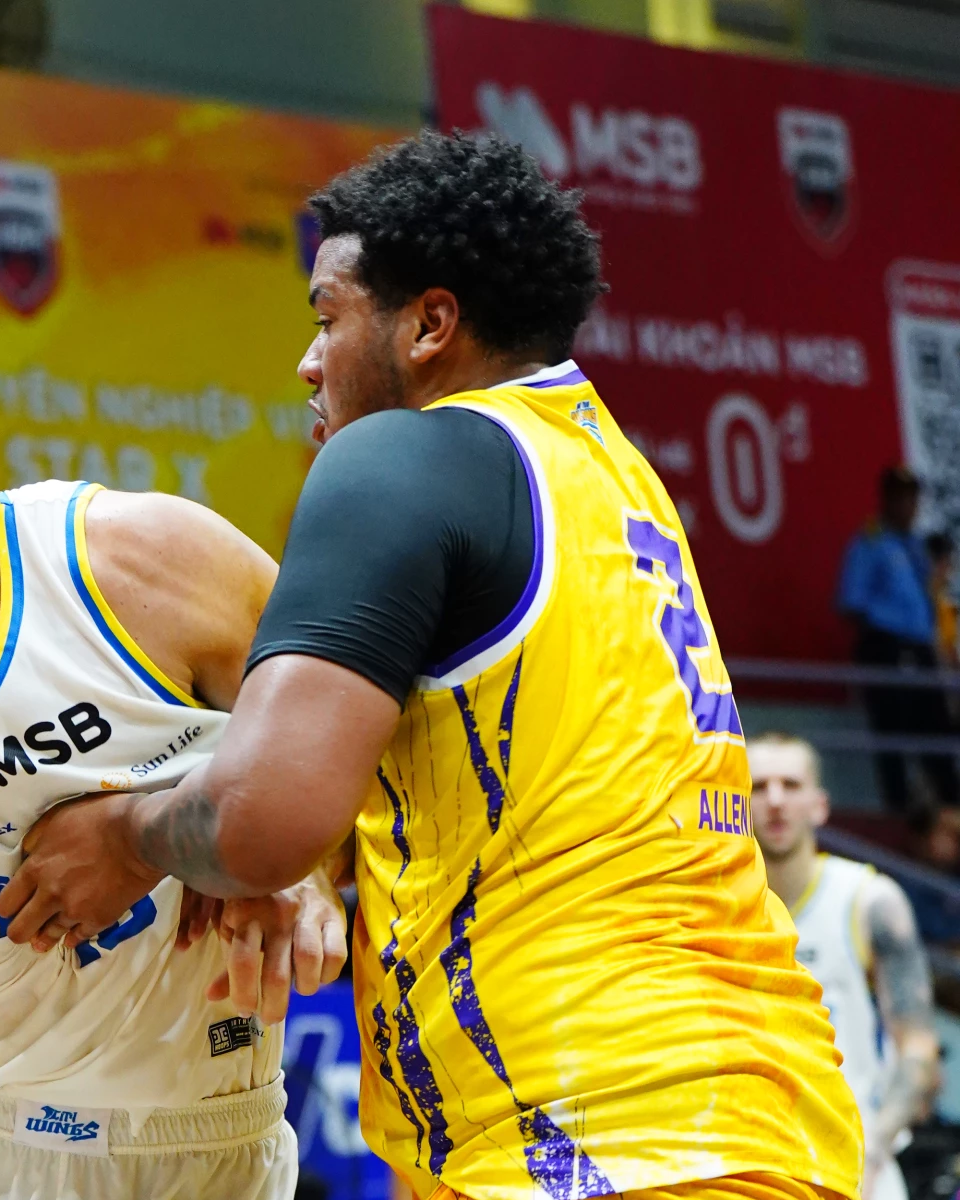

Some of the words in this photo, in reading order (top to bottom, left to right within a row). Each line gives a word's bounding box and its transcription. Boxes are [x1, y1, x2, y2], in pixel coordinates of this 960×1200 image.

[570, 103, 704, 193] MSB
[131, 752, 169, 777] Sun
[167, 725, 203, 756] Life
[25, 1117, 100, 1142] WINGS
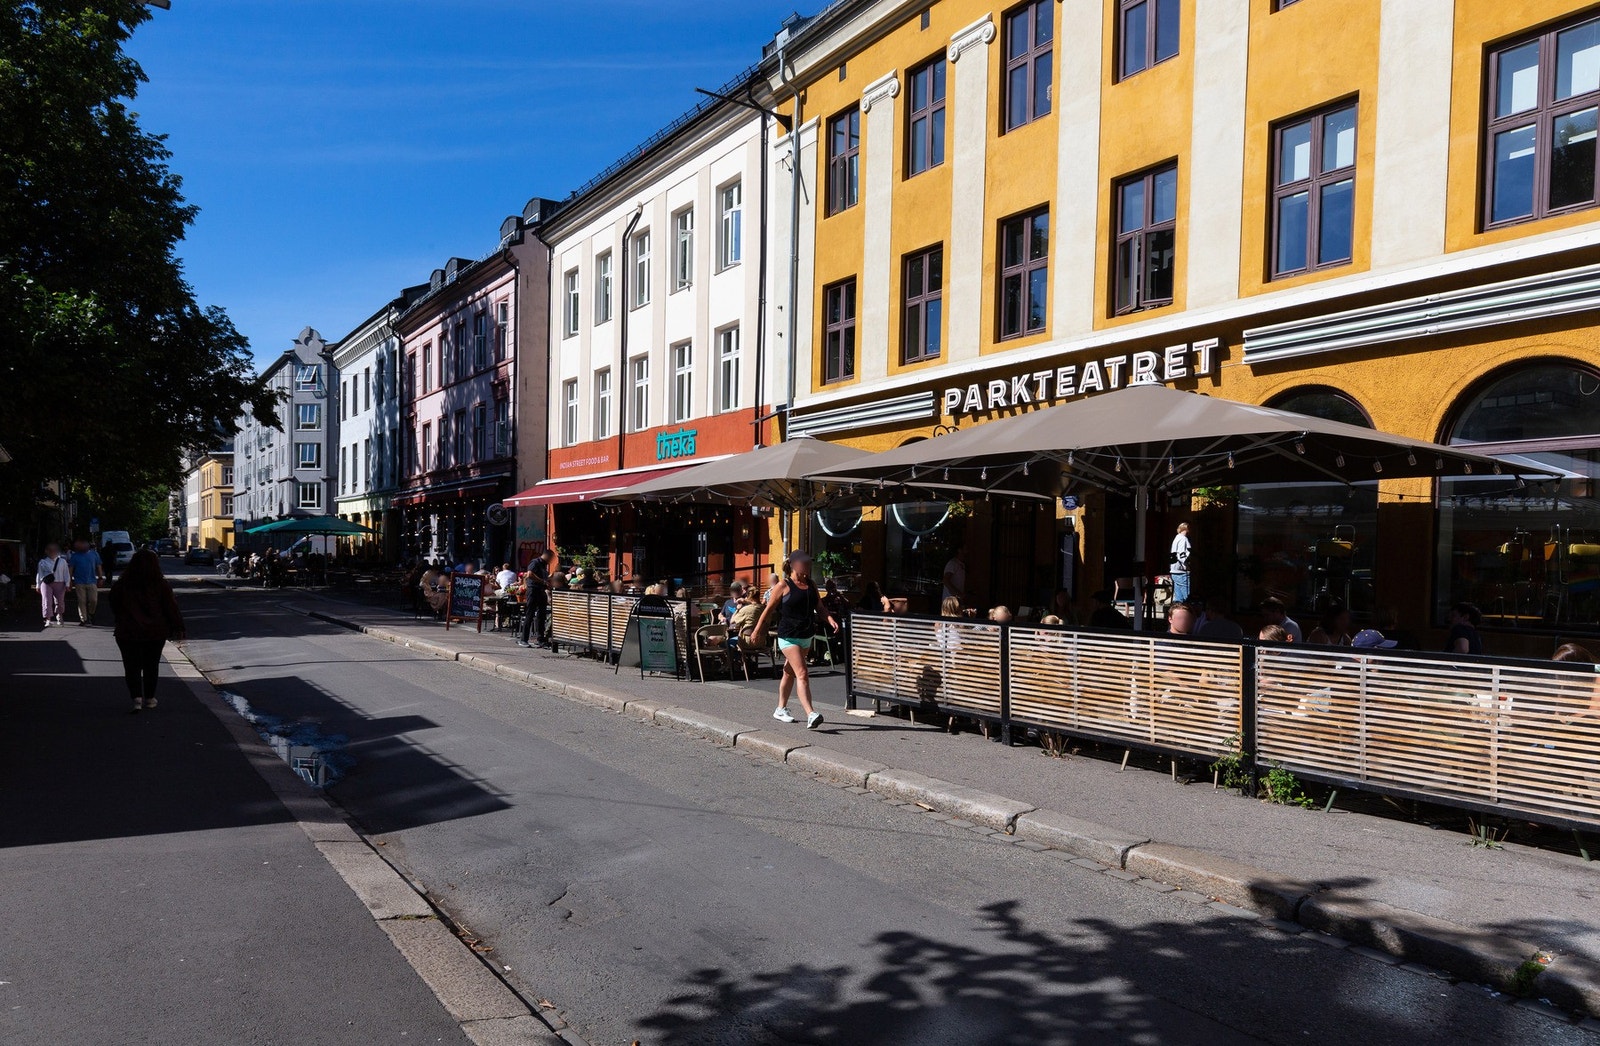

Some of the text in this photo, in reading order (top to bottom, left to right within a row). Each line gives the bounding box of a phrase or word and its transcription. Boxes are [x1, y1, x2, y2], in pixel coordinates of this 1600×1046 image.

◆ **Directions**: Pictures are to be left out; the records above must be repeated word for word.

◆ **Answer for this exercise**:
Some of the words in this photo, in reading order (top to bottom, left to right within a row). Each line gives a word's bounding box and its transcription. Boxes are [x1, y1, x2, y2], in pixel coordinates of this 960×1200 image.

[570, 103, 704, 193] MSB
[131, 752, 169, 777] Sun
[167, 725, 203, 756] Life
[25, 1117, 100, 1142] WINGS

Some of the text in this photo, in reading order (top to bottom, left to right within a row). Each line gives the bounding box of a phrase or word and its transcription. Boxes are [x1, y1, x2, y2], in pixel coordinates of this 1600×1046 image.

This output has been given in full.